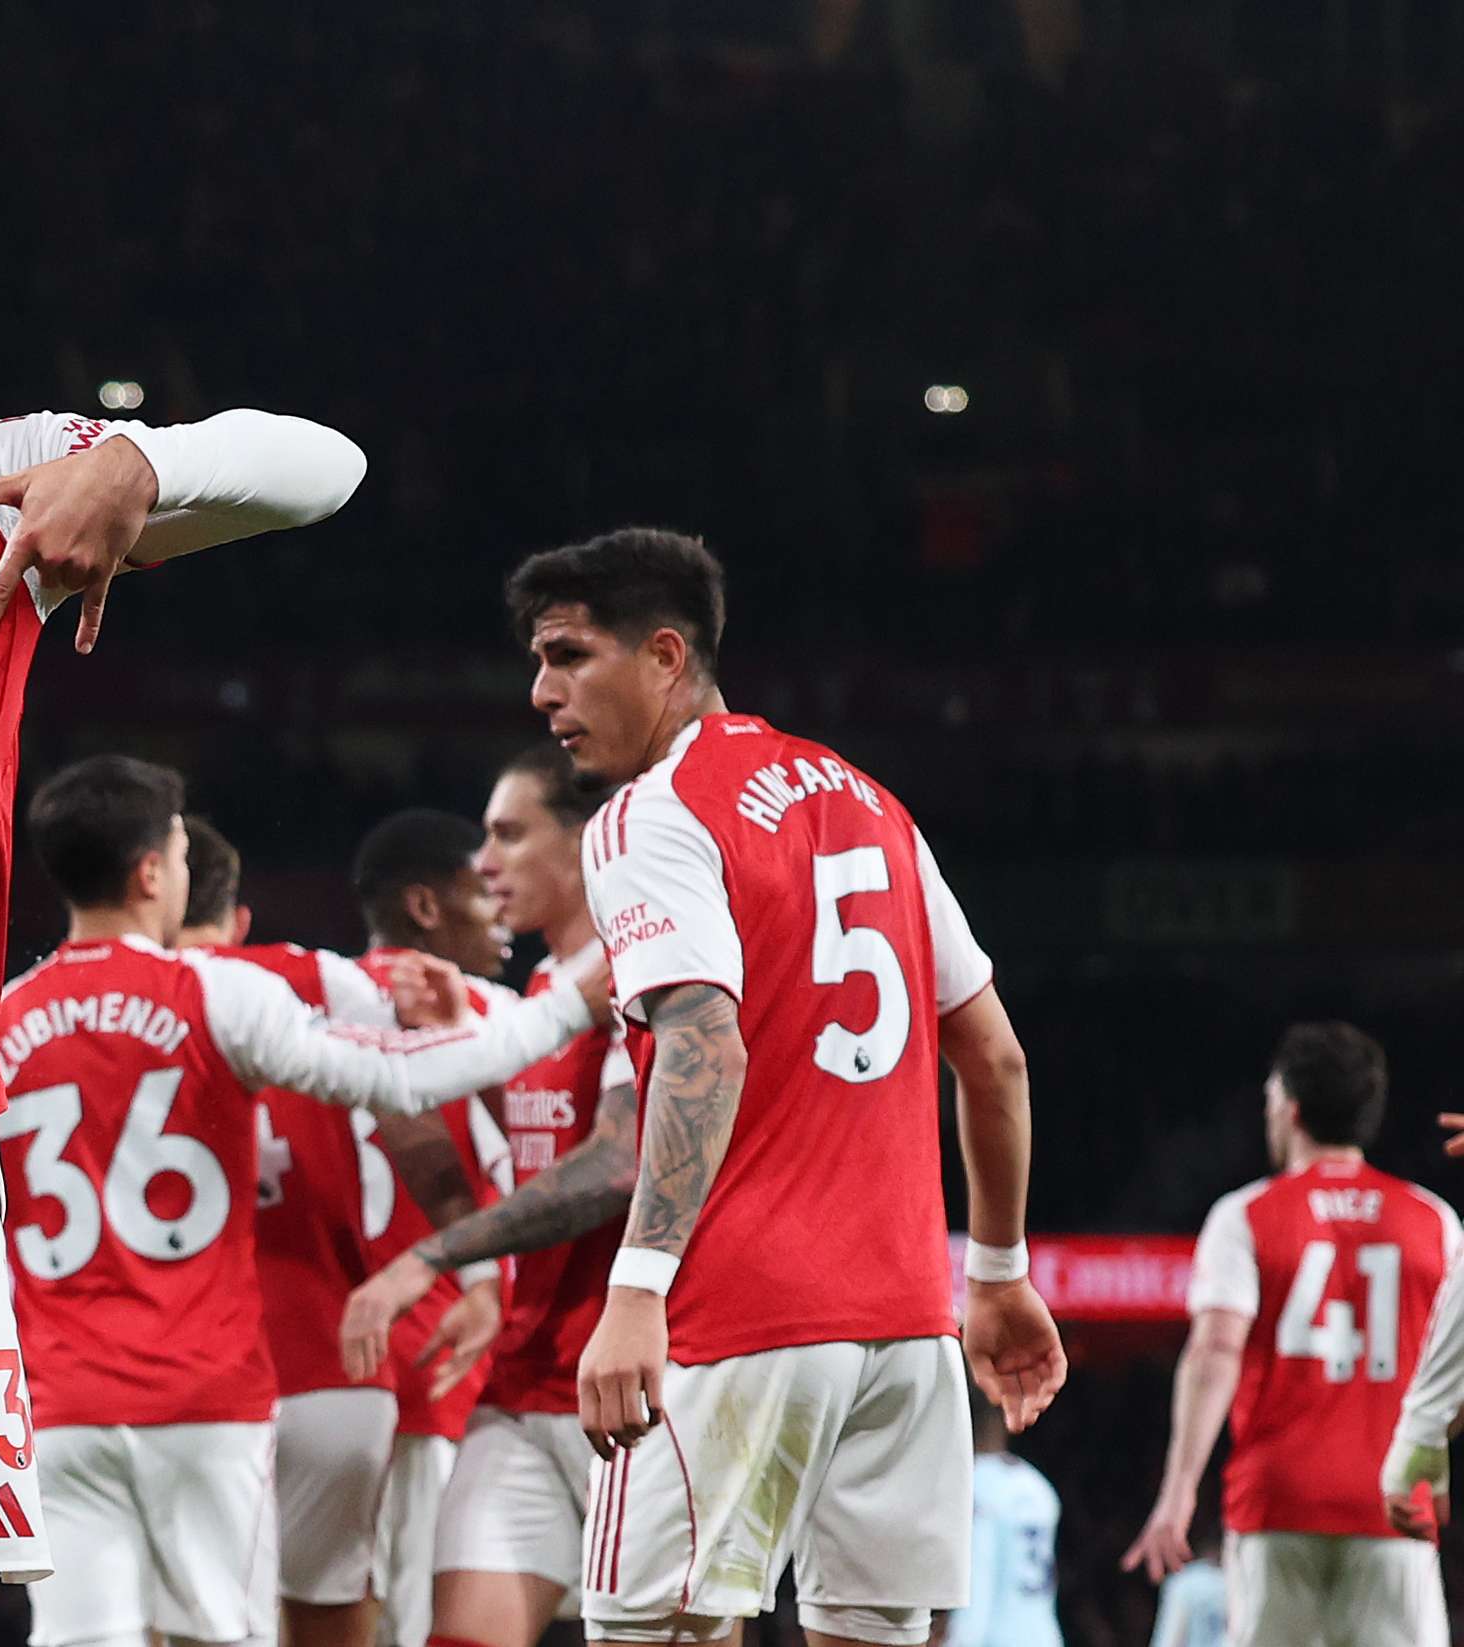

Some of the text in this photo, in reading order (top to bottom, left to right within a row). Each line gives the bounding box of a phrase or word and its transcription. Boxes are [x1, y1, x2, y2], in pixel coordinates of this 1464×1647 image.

[736, 756, 884, 834] HINCAPIE
[609, 917, 677, 958] ANDA
[812, 846, 911, 1083] 5
[1277, 1241, 1402, 1383] 41
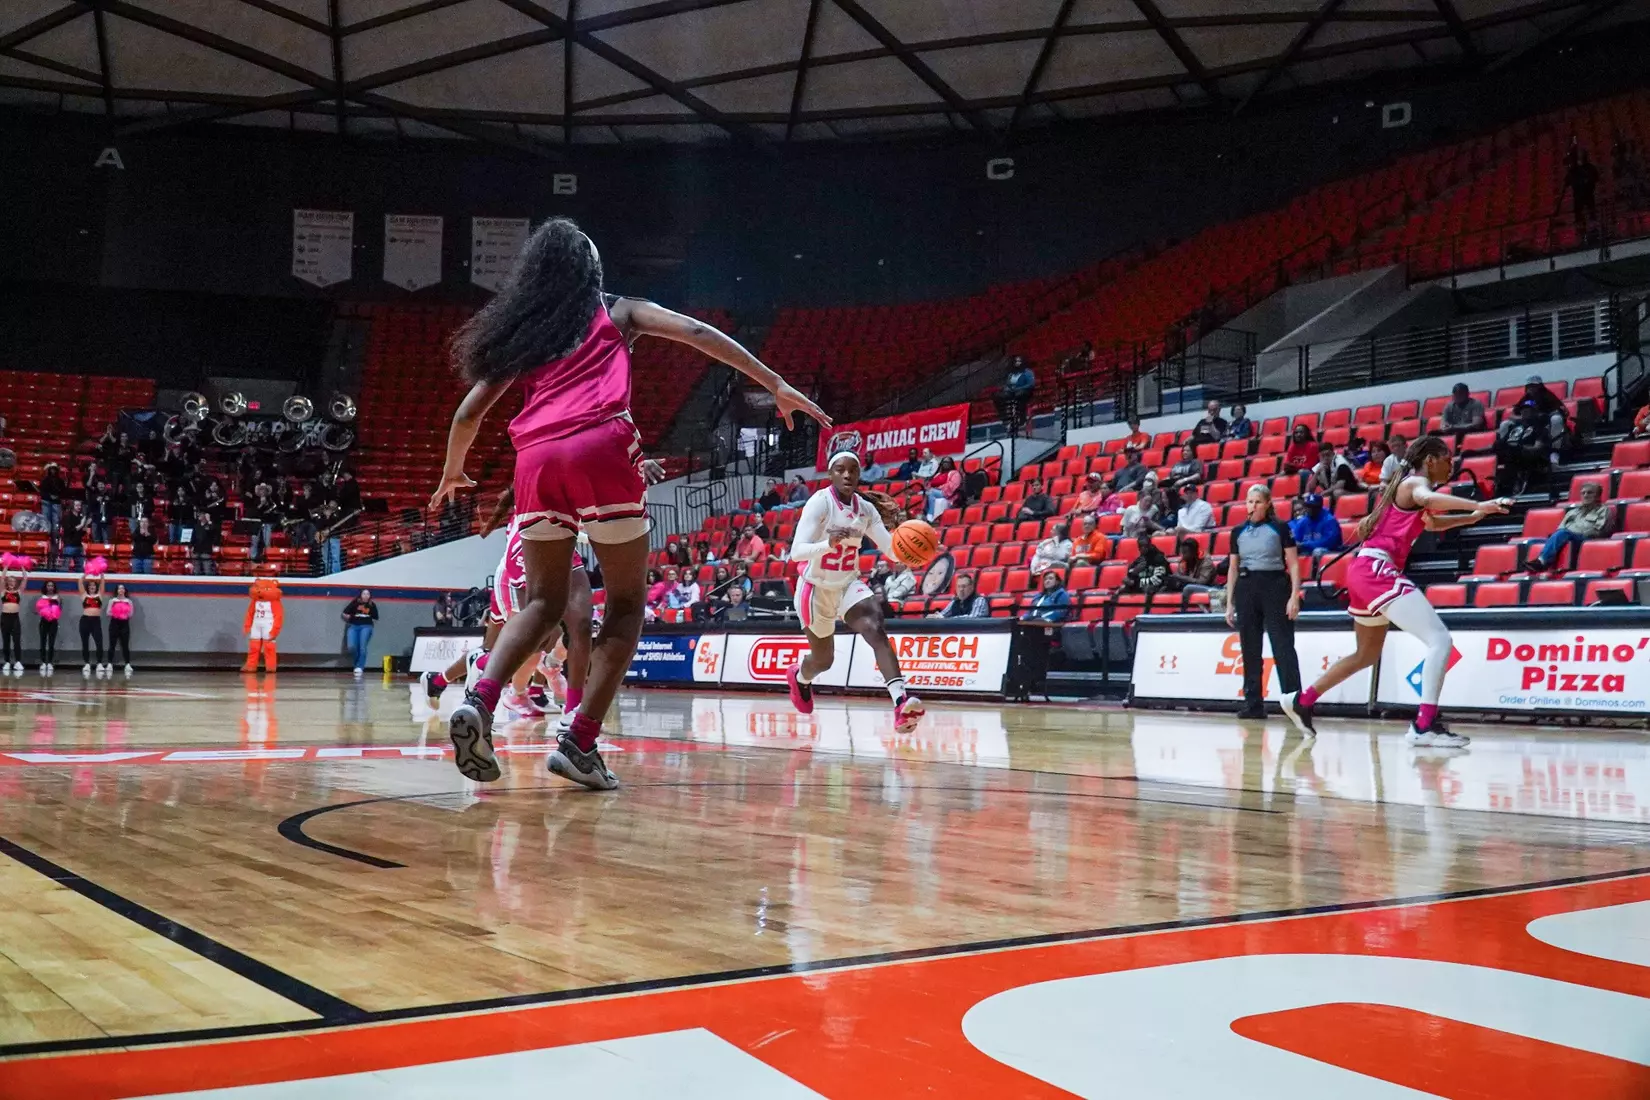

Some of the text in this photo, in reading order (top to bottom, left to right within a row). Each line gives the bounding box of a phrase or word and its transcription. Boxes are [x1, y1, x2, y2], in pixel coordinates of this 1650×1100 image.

[1382, 102, 1411, 128] D
[94, 147, 125, 169] A
[986, 157, 1015, 180] C
[552, 173, 578, 195] B
[866, 419, 961, 451] CANIAC CREW
[820, 544, 857, 571] 22
[1486, 636, 1650, 662] Domino'
[912, 662, 957, 671] LIGHTING,
[960, 662, 977, 671] INC.
[1521, 665, 1625, 692] Pizza
[1499, 695, 1526, 704] Order
[1529, 696, 1561, 705] Online
[1575, 697, 1645, 708] Dominos.com
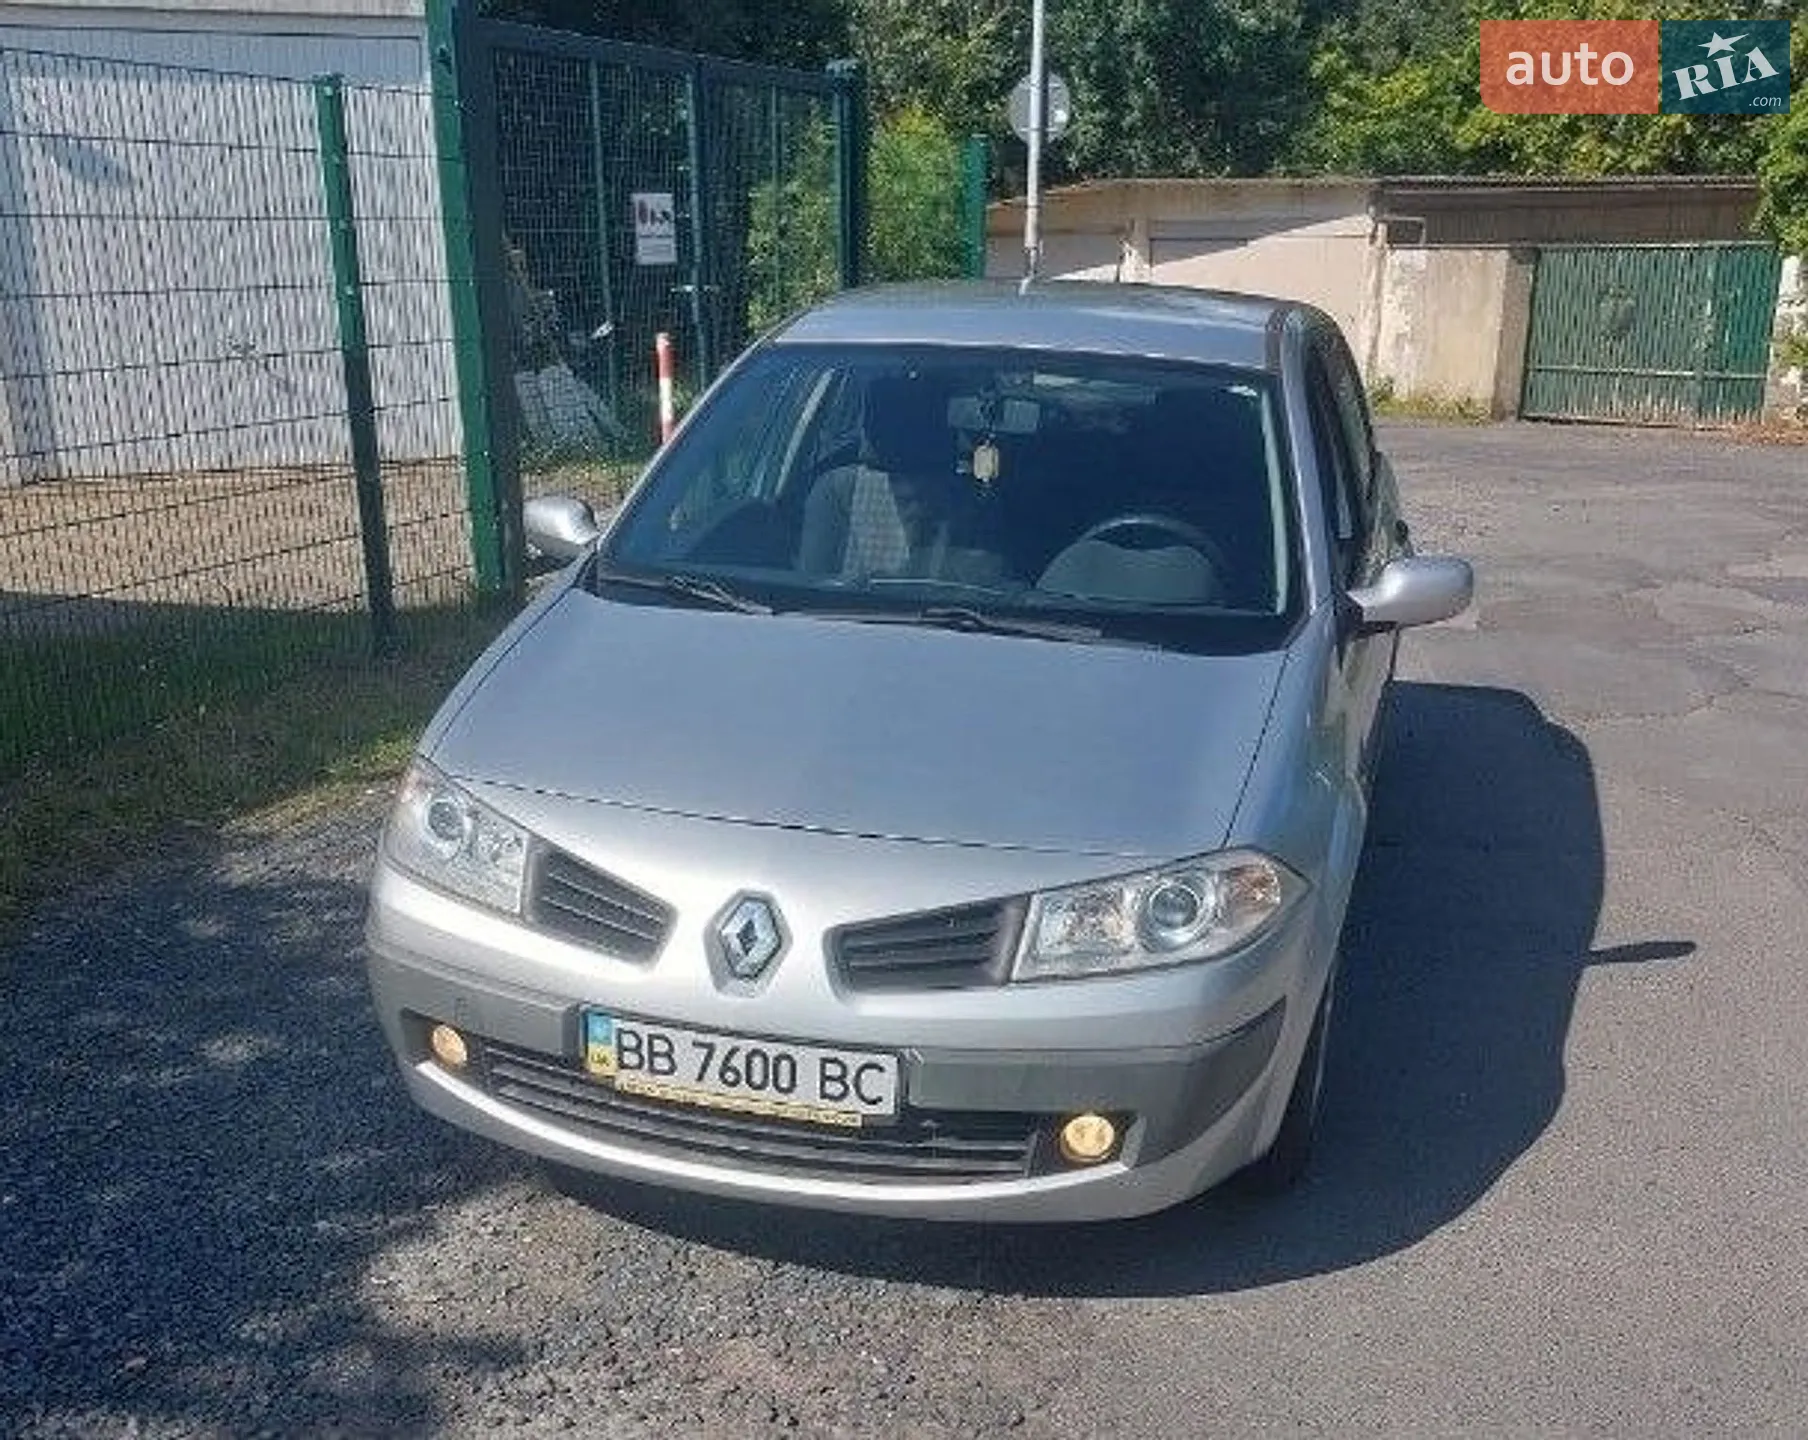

◆ ◆ ◆ ◆

Transcribe the full listing above exactly as it stands, minus the pictures.

> _SOLVED EXERCISE_
Some of the text in this photo, in reading order (top to bottom, left to right within a row). Each line gives the bounding box of a phrase or word and its transcription. Boxes are [x1, y1, x2, y2], in pixel coordinates of this 1464×1647 image.

[736, 756, 884, 834] HINCAPIE
[609, 917, 677, 958] ANDA
[812, 846, 911, 1083] 5
[1277, 1241, 1402, 1383] 41

Some of the text in this photo, in reading order (top to bottom, left to right within a row). Each line gives the bounding box of a phrase or word and its transcription. Boxes are [x1, y1, x2, y2], in pixel coordinates of this 1650×1100 image.

[1382, 102, 1411, 128] D
[94, 147, 125, 169] A
[986, 157, 1015, 180] C
[552, 173, 578, 195] B
[866, 419, 961, 451] CANIAC CREW
[820, 544, 857, 571] 22
[1486, 636, 1650, 662] Domino'
[912, 662, 957, 671] LIGHTING,
[960, 662, 977, 671] INC.
[1521, 665, 1625, 692] Pizza
[1499, 695, 1526, 704] Order
[1529, 696, 1561, 705] Online
[1575, 697, 1645, 708] Dominos.com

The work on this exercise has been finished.